El vicepresidente y consejero de Regeneración Democrática de la Junta de Andalucía, Juan Marín, dijo el pasado miércoles: «No le tengo que preguntar absolutamente a nadie para proponer a una persona (como directora de la Oficina Antifraude); otra cosa es que el Parlamento lo apruebe o no lo apruebe». La respuesta de Roberto Macías no se ha hecho esperar: «Las manifestaciones del sr. Marín son desafortunadas. Son parcialmente falsas y denotan cierta miopía. Representan manifestaciones de parecida índole a las de la antigua política con la que no estamos de acuerdo. Necesitamos una mayor y verdadera regeneración, que empieza por emplear nuevas fórmulas alejadas de las anteriores. Si no, los esfuerzos que Marín, su partido y el resto de fuerzas políticas representadas en el Parlamento en pro de la regeneración van a resultar infructuosas».

«Acierta Marín en decir que el director de la agencia ha de ser nombrado por las fuerzas políticas nombradas en el Parlamento (de hecho, fue elegido Ricardo Puyol por mayoría absoluta el pasado jueves en el Parlamento)», admite Macías. Evidentemente, eso no puede ser de otra forma ni nadie pretende que lo sea o que se vuelva a una situación anterior «de imposición por un solo partido, como el anterior gobierno de la comunidad autónoma». «En lo que no estamos de acuerdo es en que no se consulte a la base social ni se la tenga en cuenta», añade.

El vicepresidente de la Alianza contra la Corrupción exige a los dirigentes que se pongan de verdad al servicio del ciudadano: «Los políticos de toda índole -no lo circunscribimos al sr.
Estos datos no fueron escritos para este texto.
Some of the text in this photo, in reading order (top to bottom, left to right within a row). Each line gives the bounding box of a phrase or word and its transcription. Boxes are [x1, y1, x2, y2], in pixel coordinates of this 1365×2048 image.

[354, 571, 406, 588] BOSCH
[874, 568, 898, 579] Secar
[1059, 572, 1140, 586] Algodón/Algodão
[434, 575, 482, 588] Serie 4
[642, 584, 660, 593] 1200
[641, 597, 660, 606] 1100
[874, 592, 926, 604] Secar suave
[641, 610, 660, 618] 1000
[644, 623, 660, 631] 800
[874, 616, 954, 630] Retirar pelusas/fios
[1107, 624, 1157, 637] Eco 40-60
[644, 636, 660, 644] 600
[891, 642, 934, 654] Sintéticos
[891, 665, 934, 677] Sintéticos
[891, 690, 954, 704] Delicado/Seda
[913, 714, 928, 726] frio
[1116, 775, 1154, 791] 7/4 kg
Marín, del que no tenemos un mal concepto del todo ni se trata de algo personal- están acostumbrados a creerse que tienen lo que vulgarmente se llama un cheque en blanco con la ciudadanía, de tal manera que, una vez elegidos, se sienten con el privilegio de hacer lo que quieran durante cuatro años y no tener que responder de nada ni consultar a nadie lo que ha de hacerse ni tener ningún otro tipo de control político que el de las próximas elecciones dentro de cuatro años. Y ese tipo de concepción política, que desgraciadamente nuestra Constitución pensamos que no resuelve bien, la que es el inicio precisamente de la podredumbre y degeneración que, hipotéticamente, se quiere empezar a poner remedio con la Oficina Antifraude».
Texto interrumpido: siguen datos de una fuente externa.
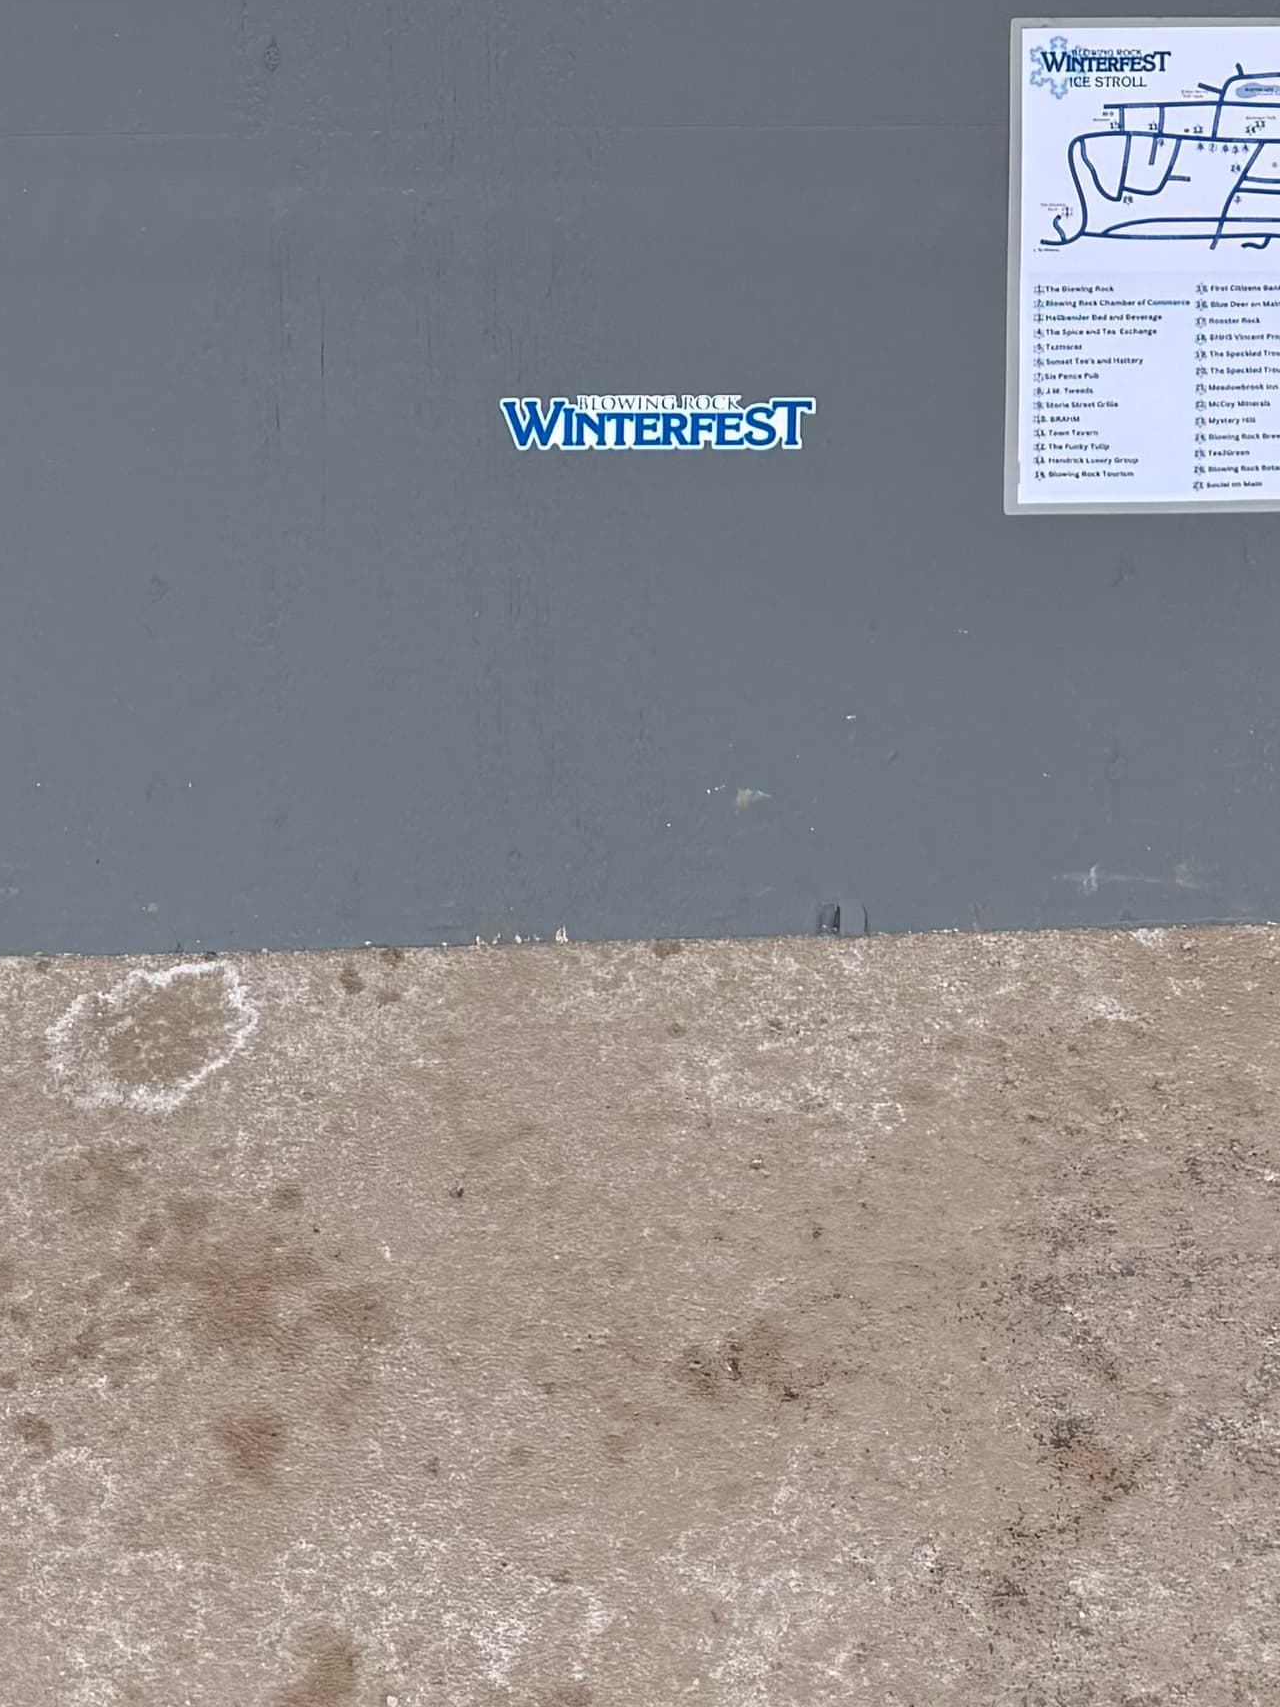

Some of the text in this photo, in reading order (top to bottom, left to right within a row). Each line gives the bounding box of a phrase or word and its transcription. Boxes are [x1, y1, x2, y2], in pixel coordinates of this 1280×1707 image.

«Por tanto, por favor, señor Marín, si tiene usted interés real en provocar una regeneración en Andalucía, tengan usted y el resto de sus colegas en cuenta a la ciudadanía. Los ciudadanos no somos tontos, queremos ser oídos al menos. No es ésta una cuestión baladí, como de sus palabras parece desprenderse. No es una cuestión tampoco exótica, como de sus palabras también parece desprenderse. De hecho, ya hay muchas leyes que establecen de forma preceptiva la participación social en las decisiones sectoriales que se tomen. Así no se demuestra el talante democrático», subraya Roberto Macías.

¿Para cuándo un Consejo de Participación Social?

Por último, el vicepresidente de la Alianza contra la Corrupción reitera que la mejor idea que podía tomar la Junta para el éxito de la nueva Oficina Antifraude es que «su constitución llevara aparejada, a su vez, la de un Consejo de Participación Social dentro de la estructura administrativa de la misma, con funciones consultivas, de asesoramiento y control, teniendo en cuenta los buenos resultados de esta iniciativa en otras oficinas antifraude». Esperemos que alguien responsable entienda que «nuevos tiempos llevan aparejadas nuevas formas de hacer políticas«, más participativas y que colmen los deseos legítimos de «corresponsabilidad de los pueblos».